Enter the step-up in basis at death for assets. This can be a powerful planning tool for minimizing capital gains taxes from the sale of appreciated assets. For married couples, though, the death of one spouse often only results in a partial step-up, reducing the value of this tax benefit for the surviving spouse. But with some proactive planning, couples can take greater advantage of the step-up rules by titling their assets in a way that maximizes their likelihood of a full step-up.
The concept of the step-up is that, when an individual dies, the basis of the assets that they owned is increased (or “stepped up”) to their value as of the date of the individual’s death. This is often utilized with passing assets to children. The concept is fairly straightforward for assets owned solely by the decedent and passing to a child. It can become more complicated when the assets are owned jointly with a spouse (or even passing between spouses).
In most states (which treat jointly-owned assets as “separate property”), even though the assets are owned in both spouses’ names, the amount that is included in the decedent’s estate – and therefore eligible for the step-up – is only 50% of the assets’ value, leaving the original basis intact on the surviving spouse’s remainder.
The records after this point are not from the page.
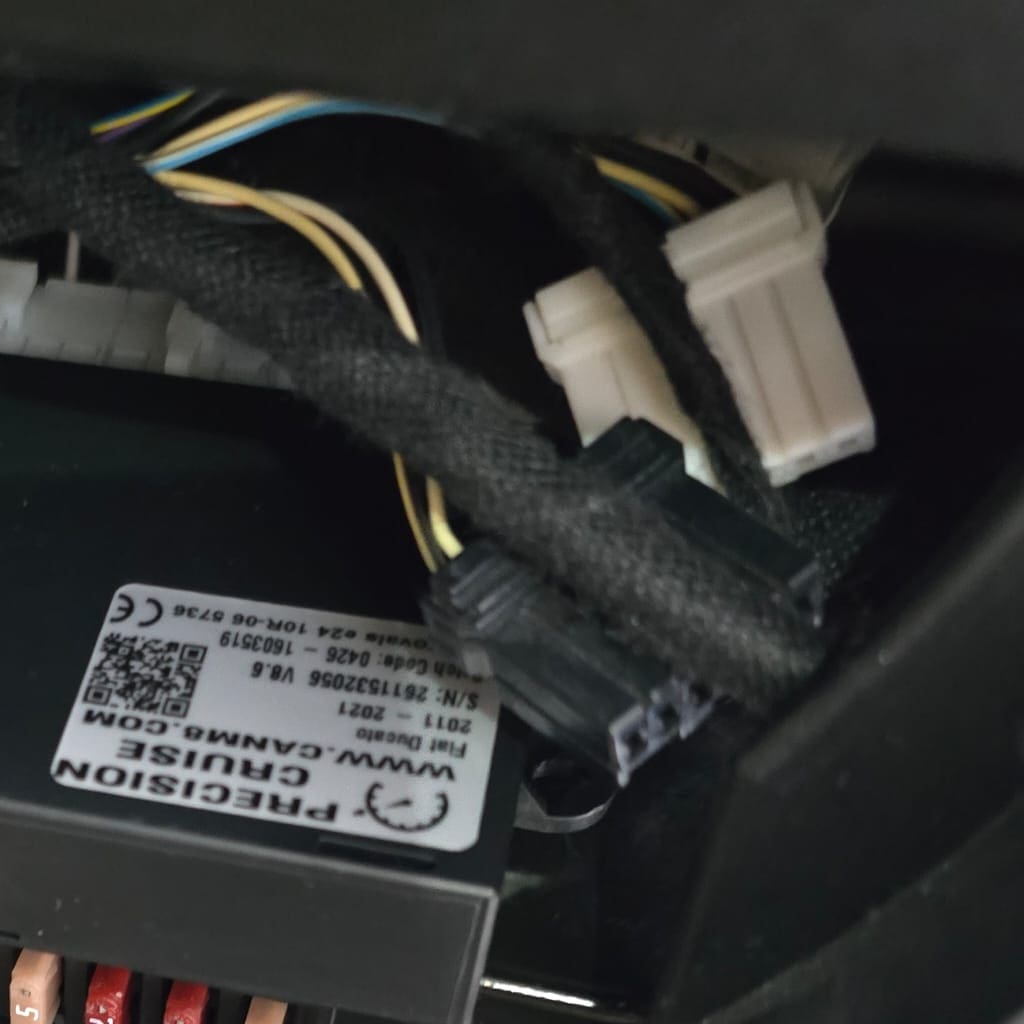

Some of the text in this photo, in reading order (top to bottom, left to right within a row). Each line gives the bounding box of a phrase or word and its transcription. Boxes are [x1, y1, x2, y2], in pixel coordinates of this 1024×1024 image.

[109, 593, 163, 627] CE
[172, 604, 225, 623] 5736
[231, 612, 307, 635] 10R-06
[317, 624, 357, 639] e24
[218, 630, 293, 656] 1603519
[325, 645, 371, 668] 0426
[377, 652, 428, 676] Code:
[250, 660, 480, 711] S/N: 2611532056 V8.6
[338, 700, 386, 722] 2021
[424, 713, 473, 735] 2011
[355, 726, 468, 759] Fiat Ducato
[115, 738, 310, 788] CRUISE
[55, 759, 338, 823] PRECISION
[15, 1004, 40, 1021] 5
Notably, nine “community property” states allow for a 100% step-up in basis on all jointly-held assets.
- Arizona
- California
- Idaho
- Louisiana
- Nevada
- New Mexico
- Texas
- Washington
- Wisconsin
Which means that, based on whether or not a couple happens to live in a community property or a separate property state, they may receive a full (or just a partial) step-up in basis on their jointly-owned assets when one spouse passes away.
For the majority of couples who live in separate property states, there is a simple strategy that can be used to potentially receive a full step-up in basis of assets upon the death of a spouse.
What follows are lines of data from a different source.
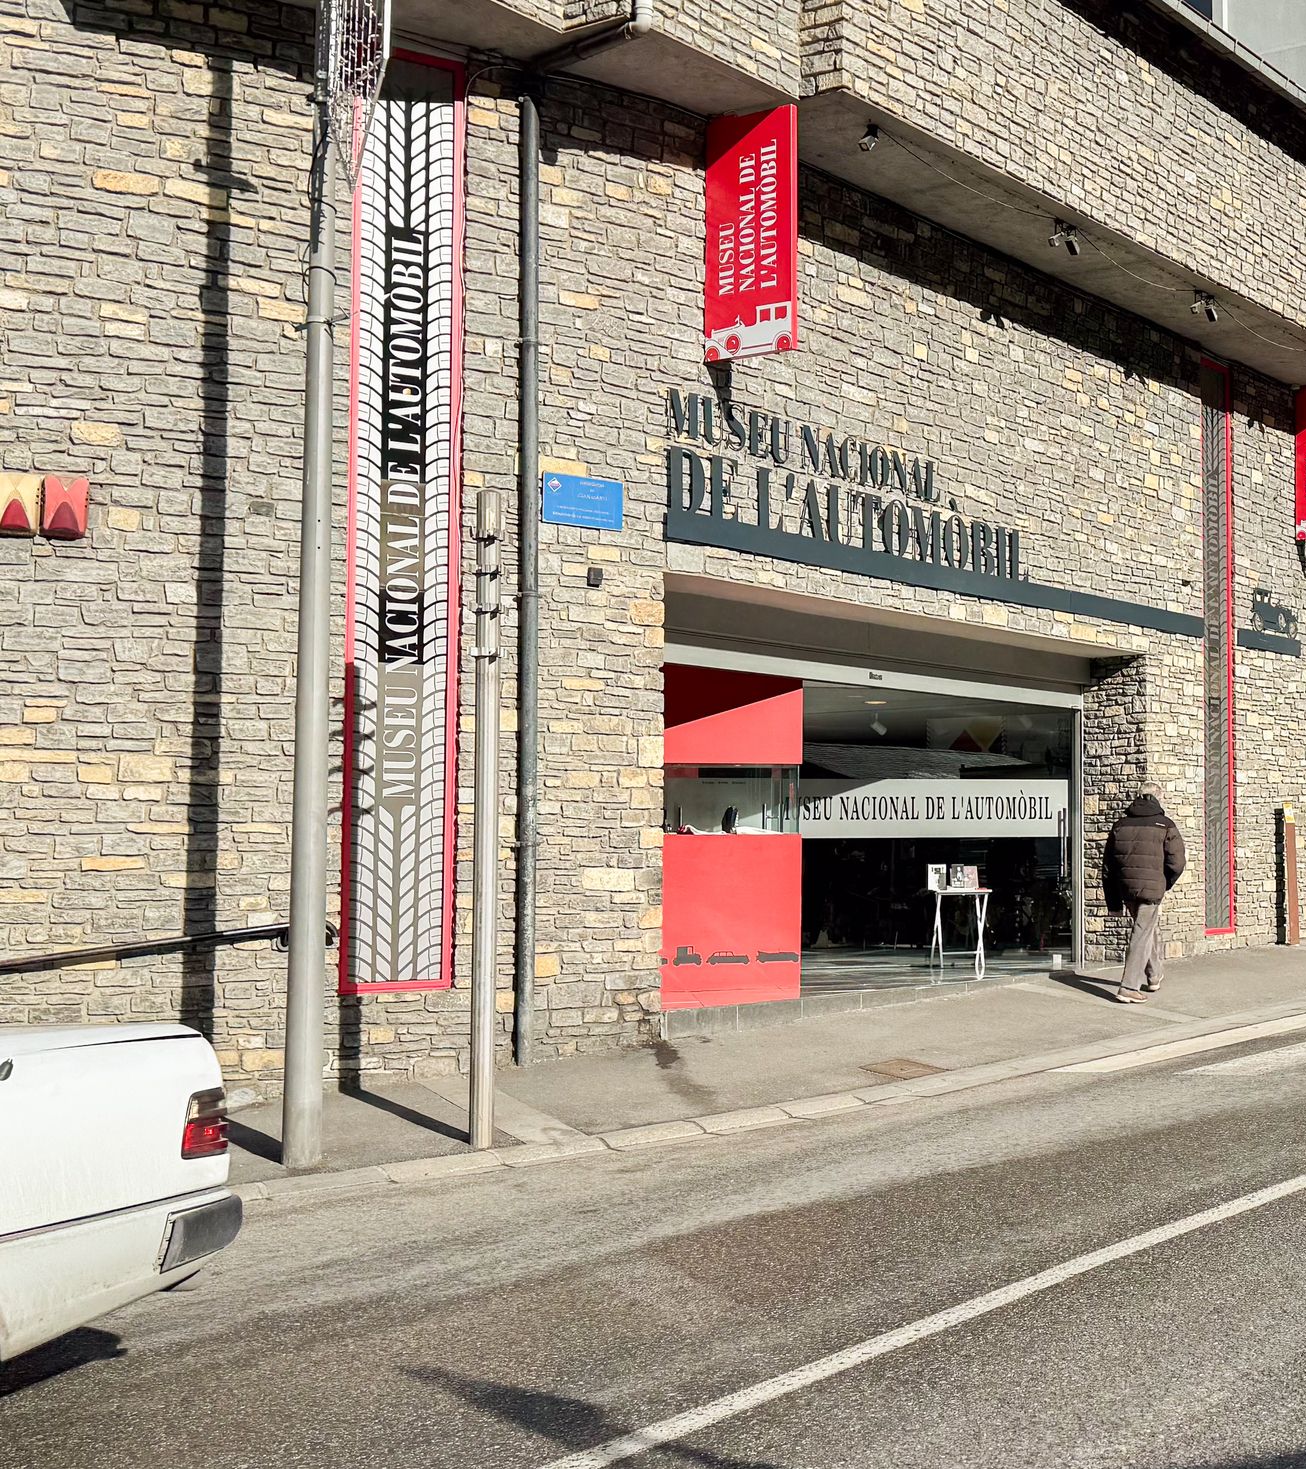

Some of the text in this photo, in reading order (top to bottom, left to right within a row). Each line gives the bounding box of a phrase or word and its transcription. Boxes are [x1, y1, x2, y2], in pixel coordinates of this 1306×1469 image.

[719, 222, 735, 296] MUSEU
[739, 153, 756, 292] NACIONAL DE
[756, 138, 777, 289] L'AUTOMÒBIL
[668, 388, 941, 502] MUSEU NACIONAL
[383, 230, 426, 799] MUSEU NACIONAL DE L'AUTOMÒBIL
[667, 446, 1030, 583] DE L'AUTOMÒBIL
[839, 796, 919, 820] NACIONAL
[925, 796, 945, 820] DE
[951, 789, 1053, 821] L'AUTOMÒBIL
For couples where one spouse is expected to live longer than the other, it may be possible to transfer all of the couple’s assets solely into the name of the spouse anticipated to die first. Upon that spouse’s death, 100% of those assets would be subsequently included in their estate and therefore subject to a full step-up when the surviving beneficiary spouse receives the assets.
As with many seemingly simple strategies, however, the transfer-and-inherit strategy between spouses comes with complications and exceptions to watch out for. For example, the IRS requires that the spouse who receives the transfer of assets must own them for at least one year before they pass back to the original donor in order to receive the step-up in basis, making the strategy less useful when the spouse’s death is anticipated more imminently.
Additionally, gifting assets means giving up control over how they are used and bequeathed, and so the strategy requires the surviving spouse to trust that the shorter-lived spouse will not spend the assets, give them away, or leave them to someone other than the surviving spouse at death (however unlikely that may seem at the time).
Ultimately, the difference between a full step-up in basis and a partial one (or none at all) can end out being a significant increase in the after-tax value of assets with a little planning.